Le seuil de pauvreté monétaire se calcule avec un seuil initial fixé à 60% du revenu médian, soit un revenu mensuel net de 876 euros en 2006 et de 890 euros en 2007 pour une personne seule. Le 17 octobre 2007, à l’occasion du vingtième anniversaire de la Journée mondiale du refus de la misère, Nicolas Sarkozy, qui entrait en campagne, avait annoncé un objectif de réduction de la pauvreté d’un tiers en cinq ans… Comme le taux de pauvreté était de 13,1% en 2006, la promesse du candidat Sarkozy consistait à ramener ce taux à 8,7% en 2012. Outre le RSA, il était prévu de revaloriser de 25% le minimum-vieillesse et l’AAH, mais en fait la hausse n’a été que de 6,9% en 2 ans et demi. Quelques mesures sporadiques sont venues s’ajouter dans le « plan de relance » de février 2009 (revalorisation des aides au logement et des prestations familiales de 3%, versement d’une prime dite de solidarité active de 150 euros en juin …).

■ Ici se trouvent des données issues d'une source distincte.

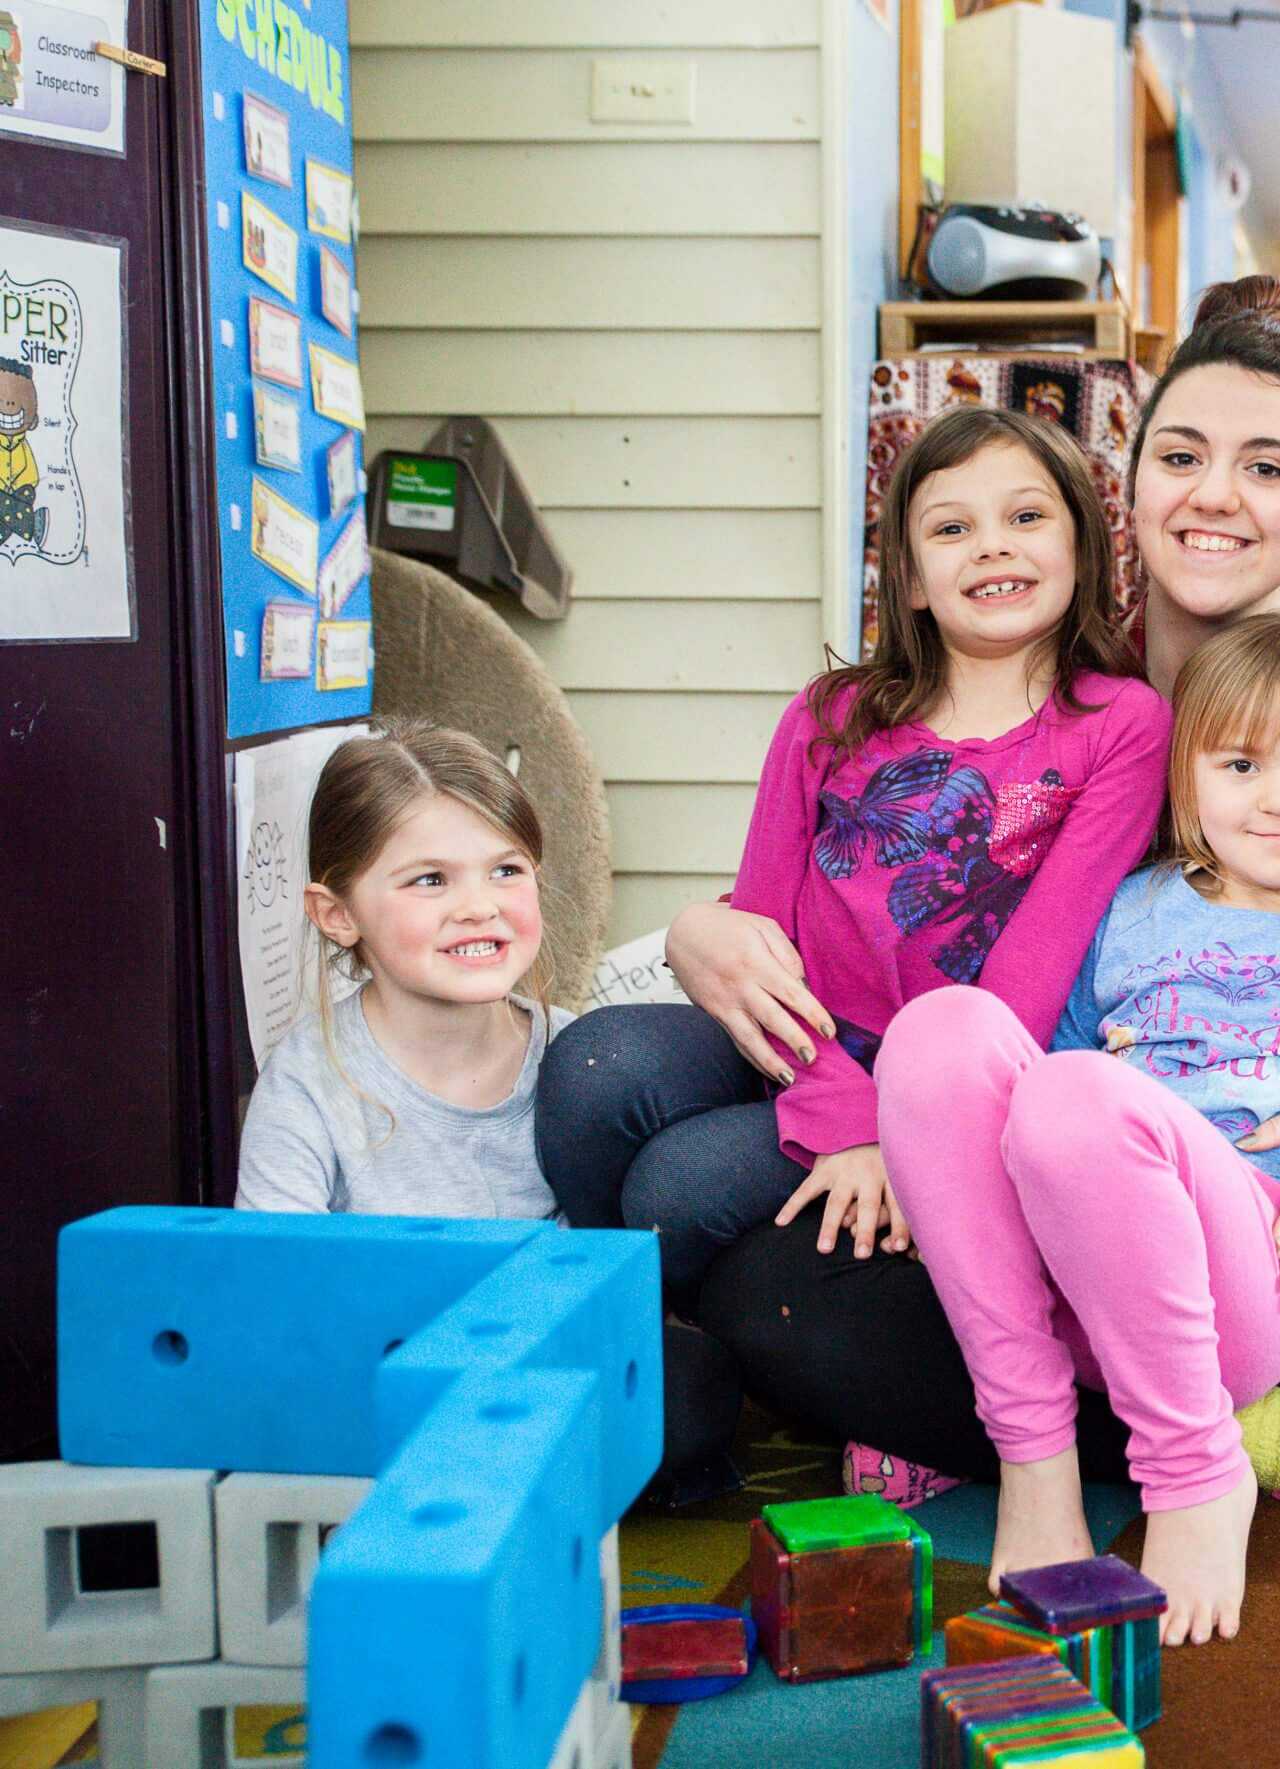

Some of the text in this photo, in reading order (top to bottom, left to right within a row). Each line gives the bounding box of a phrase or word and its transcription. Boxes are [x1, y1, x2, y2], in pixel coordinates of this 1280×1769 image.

[37, 36, 97, 62] Classroom
[35, 70, 100, 97] Inspectors
[20, 338, 67, 366] Sitter

Certaines de ces mesures sont en réalité de purs effets d’annonce, tel le versement d’une prime exceptionnelle de 500 euros aux demandeurs d’emploi ayant travaillé au moins 305 heures sur les 28 derniers mois mais ne bénéficiant pas de l’assurance chômage et ayant perdu leur emploi depuis le 1er avril 2009 : ceci n’ayant pour l’instant concerné qu’un peu plus d’ un millier de personnes en raison des conditions particulièrement restrictives…
Pour revenir au RSA, celui-ci ne permet pas systématiquement aux allocataires de sortir de la pauvreté alors que c’était l’intention première affichée par Martin Hirsch avant de rallier le gouvernement. En fait, il faut que les revenus du travail soient pratiquement 700 euros mensuels (soit un deux-tiers de temps au SMIC) pour qu’avec l’allocation RSA, le seuil de 890 euros soit atteint.
Martin Hirsch continue pourtant de pratiquer la méthode Coué, en affirmant que l’objectif de réduire d’un tiers la pauvreté reste envisageable. On voit poindre dans le même temps à travers différentes études, tant à la Commission européenne qu’au gouvernement français, l’hypothèse d’un changement de définition de la pauvreté. Celle-ci pourrait glisser de l’approche relative actuelle (une proportion du revenu médian) vers une approche plus absolue où l’on prend en compte le simple minimum vital pour survivre. C’est ainsi que fleurit dans les rapports l’idée (non vraiment neuve d’ailleurs) que le revenu monétaire n’est qu’un élément parmi d’autres pour juger de la pauvreté. S’il ne fait pas de doute que la solitude, la nécessité des liens familiaux et des liens sociaux, les facteurs géographiques, la différence entre vie en milieu rural ou en milieu urbain, le taux d’endettement, etc. méritent la construction de politiques sociales aptes à réduire ces facteurs de pauvreté ; il ne s’agirait pas de faire passer du même coup à l’arrièreplan l’aspect purement monétaire : emploi et salaires constituent les déterminants de la pauvreté. Celui-ci est essentiel pour juger des inégalités grandissantes que secrète le modèle économique dominant et de l’incapacité actuelle à inverser ce mouvement, alors qu’explosent l’inflation des profits financiers et les hauts revenus.